{Reference Type}: Journal Article
{Title}: Mechanism of Astragali Radix for the treatment of osteoarthritis: A study based on network pharmacology and molecular docking.
{Author}: Shao Y;He J;Zhang X;Xie P;Lian H;Zhang M;
{Journal}: Medicine (Baltimore)
{Volume}: 101
{Issue}: 28
{Year}: Jul 2022 15
{Factor}: 1.817
{DOI}: 10.1097/MD.0000000000029885
{Abstract}: Osteoarthritis (OA) is a degenerative joint disease caused by many factors. Astragali Radix (Huangqi), a traditional Chinese medicine (TCM), is widely used to treat OA. Although it can inhibit the progression of OA, its pharmacological mechanism is unclear. In this study, we used a network pharmacological approach to determine the mechanism by which Huangqi inhibits the progression of OA. We obtained the active ingredients of Huangqi from the Traditional Chinese Systems Pharmacology database and identified potential targets of these ingredients.
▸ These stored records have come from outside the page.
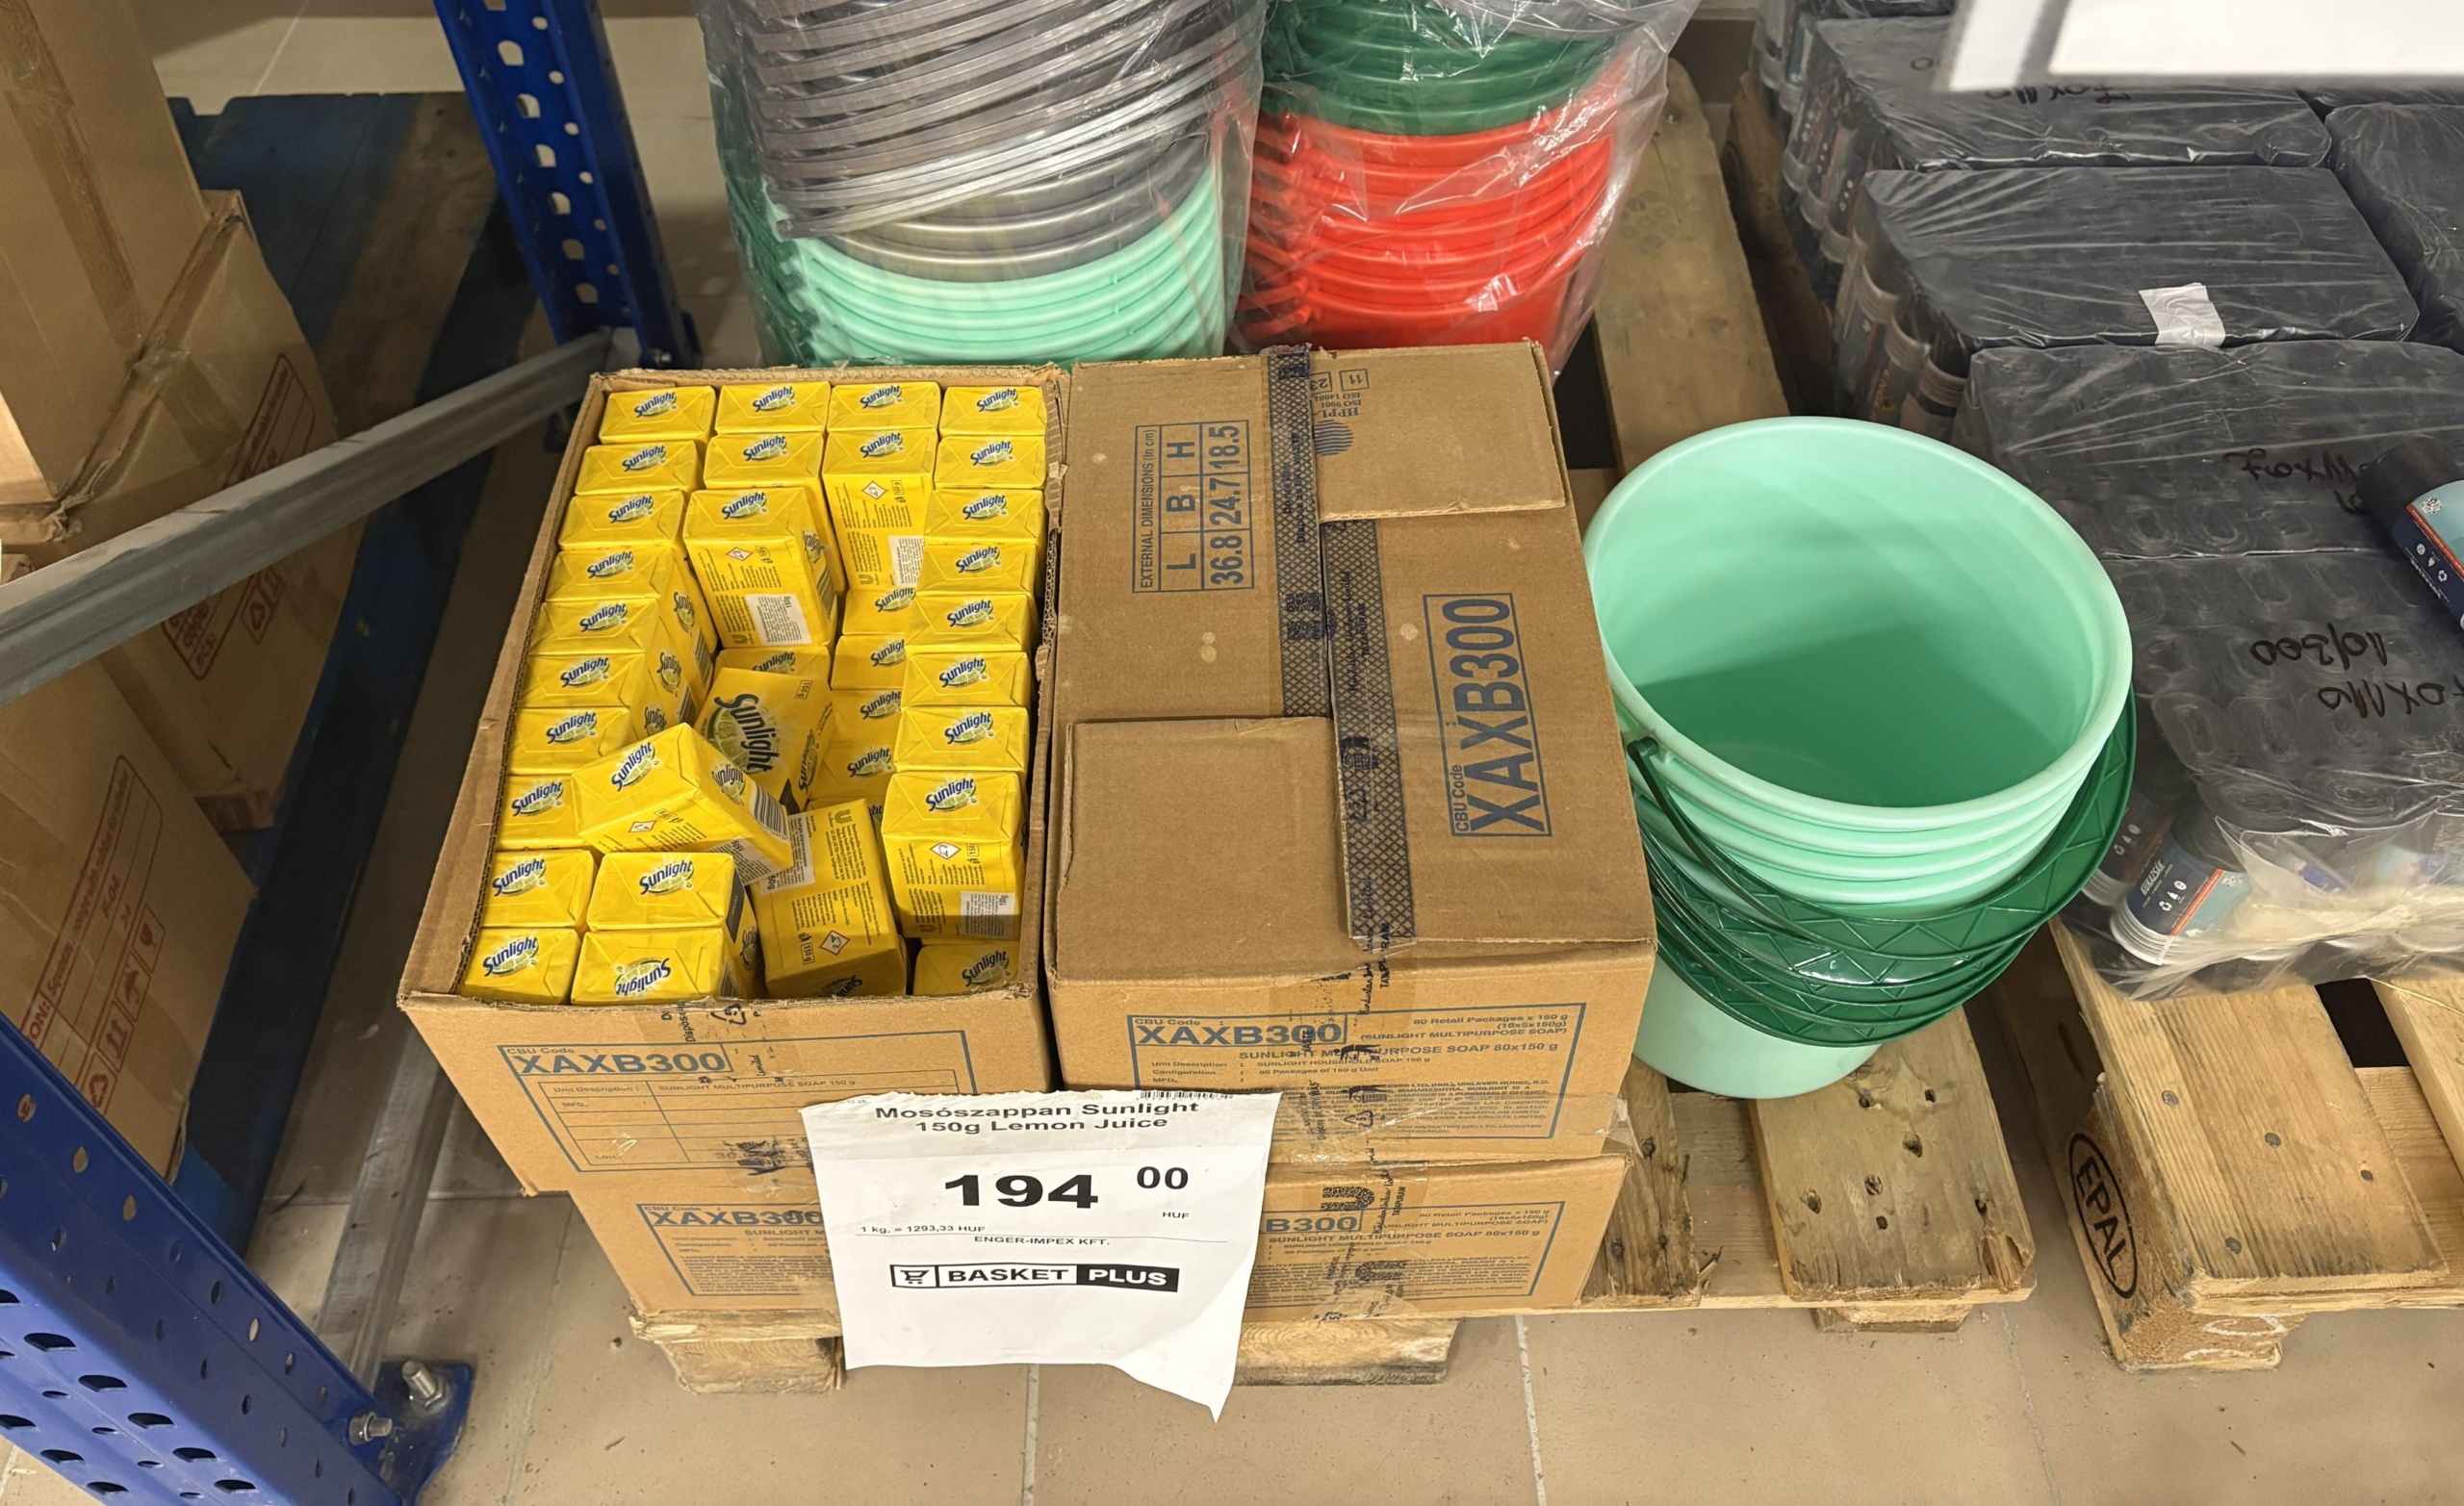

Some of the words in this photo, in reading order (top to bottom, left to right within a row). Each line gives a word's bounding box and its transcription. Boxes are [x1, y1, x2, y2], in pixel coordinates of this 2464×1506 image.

[1348, 373, 1363, 384] 11
[634, 392, 676, 418] Sunlight
[752, 386, 793, 413] Sunlight
[860, 385, 902, 409] Sunlight
[976, 387, 1018, 412] Sunlight
[743, 436, 785, 461] Sunlight
[860, 433, 903, 458] Sunlight
[1143, 428, 1156, 446] cm)
[1166, 441, 1195, 458] H
[1208, 424, 1241, 470] 18.5
[622, 445, 666, 472] Sunlight
[970, 440, 1013, 467] Sunlight
[722, 492, 765, 520] Sunlight
[962, 495, 1006, 520] Sunlight
[1140, 461, 1154, 527] DIMENSIONS
[1166, 494, 1196, 512] B
[1208, 477, 1242, 525] 24.7
[608, 496, 654, 523] Sunlight
[587, 550, 632, 578] Sunlight
[956, 546, 1000, 574] Sunlight
[1140, 529, 1154, 588] EXTERNAL
[1167, 552, 1196, 570] L
[1209, 535, 1244, 585] 36.8
[579, 603, 627, 632] Sunlight
[947, 599, 993, 627] Sunlight
[870, 639, 905, 667] Sunlig
[560, 657, 610, 687] Sunlight
[938, 658, 986, 688] Sunlight
[860, 690, 902, 720] Sunlight
[1443, 599, 1546, 832] XAXB300
[546, 711, 597, 745] Sunlight
[714, 693, 781, 774] Sunlight
[944, 712, 993, 745] Sunlight
[611, 742, 654, 792] Sunlight
[847, 748, 890, 779] Sunlight
[1451, 764, 1465, 798] Code
[511, 781, 563, 817] Sunlight
[925, 779, 975, 812] Sunlight
[1454, 804, 1471, 832] CBU
[492, 858, 546, 897] Sunlight
[639, 859, 693, 895] Sunlight
[767, 875, 776, 890] 50g
[2139, 859, 2166, 896] KUKAZSÁK
[483, 936, 539, 977] Sunlight
[962, 951, 1009, 987] Sunlight
[615, 957, 672, 996] Sunlight
[1466, 1015, 1524, 1025] Packages
[1137, 1024, 1342, 1046] XAXB300
[1360, 1032, 1426, 1041] (SUNLIGHT
[1429, 1029, 1527, 1039] MULTIPURPOSE
[1529, 1028, 1568, 1036] SOAP)
[1447, 1043, 1490, 1054] SOAP
[1494, 1042, 1545, 1053] 80x150
[1548, 1042, 1558, 1052] g
[512, 1052, 725, 1075] XAXB300
[540, 1046, 576, 1055] Code
[577, 1085, 633, 1093] Description
[658, 1084, 710, 1092] SUNLIGHT
[712, 1082, 796, 1090] MULTIPURPOSE
[875, 1105, 1071, 1120] Mosószappan
[1081, 1101, 1199, 1115] Sunlight
[913, 1121, 980, 1136] 150g
[990, 1119, 1086, 1133] Lemon
[1093, 1116, 1168, 1131] Juice
[943, 1173, 1099, 1210] 194
[1136, 1165, 1190, 1190] 00
[1162, 1210, 1190, 1219] HUF
[1266, 1215, 1358, 1233] B300
[1431, 1219, 1519, 1228] MULTIPURPOSE
[2075, 1156, 2128, 1268] EPAL
[906, 1225, 955, 1235] 1293,33
[974, 1236, 1076, 1246] ENGER-IMPEX
[1078, 1238, 1111, 1247] KFT.
[1269, 1235, 1335, 1243] SUNLIGHT
[1339, 1232, 1442, 1242] MULTIPURPOSE
[1445, 1231, 1483, 1239] SOAP
[1533, 1229, 1541, 1238] g
[947, 1268, 1069, 1283] BASKET
[1089, 1268, 1168, 1287] PLUS
Next, we identified the OA-related targets by using the GeneCards and Online Mendelian Inheritance in Man databases. Then, a protein-protein interaction (PPI) network was established based on the overlapping genes between the Huangqi targets and the OA targets, and the interactions were analyzed. Subsequently, the Metascape database was used to perform the Gene Ontology biological functions and Kyoto Encyclopedia of Genes and Genomes pathways enrichment analysis. Furthermore, selected active ingredients and corresponding targets were investigated through molecular docking. In total, 20 active ingredients and 206 related targets were identified. The results of Gene Ontology enrichment analysis showed that the intersection targets were mainly involved in immune inflammation, proliferation, and apoptosis. The Kyoto Encyclopedia of Genes and Genomes pathway analysis revealed that Huangqi might exert antiosteoarthritis effect mainly through the PI3K-Akt signaling pathway, apoptosis, the mitogen-activated protein kinases signaling pathway, and the p53 signaling pathway. Moreover, the molecular docking results indicated that quercetin and kaempferol exhibited the good binding capacity to transcription factor JUN, tumor necrosis factor, and protein kinase B. In summary, we investigated the therapeutic effects of Huangqi from a systemic perspective. These key targets and pathways provide promising directions for future studies to reveal the exact regulating mechanism of Huangqi against OA.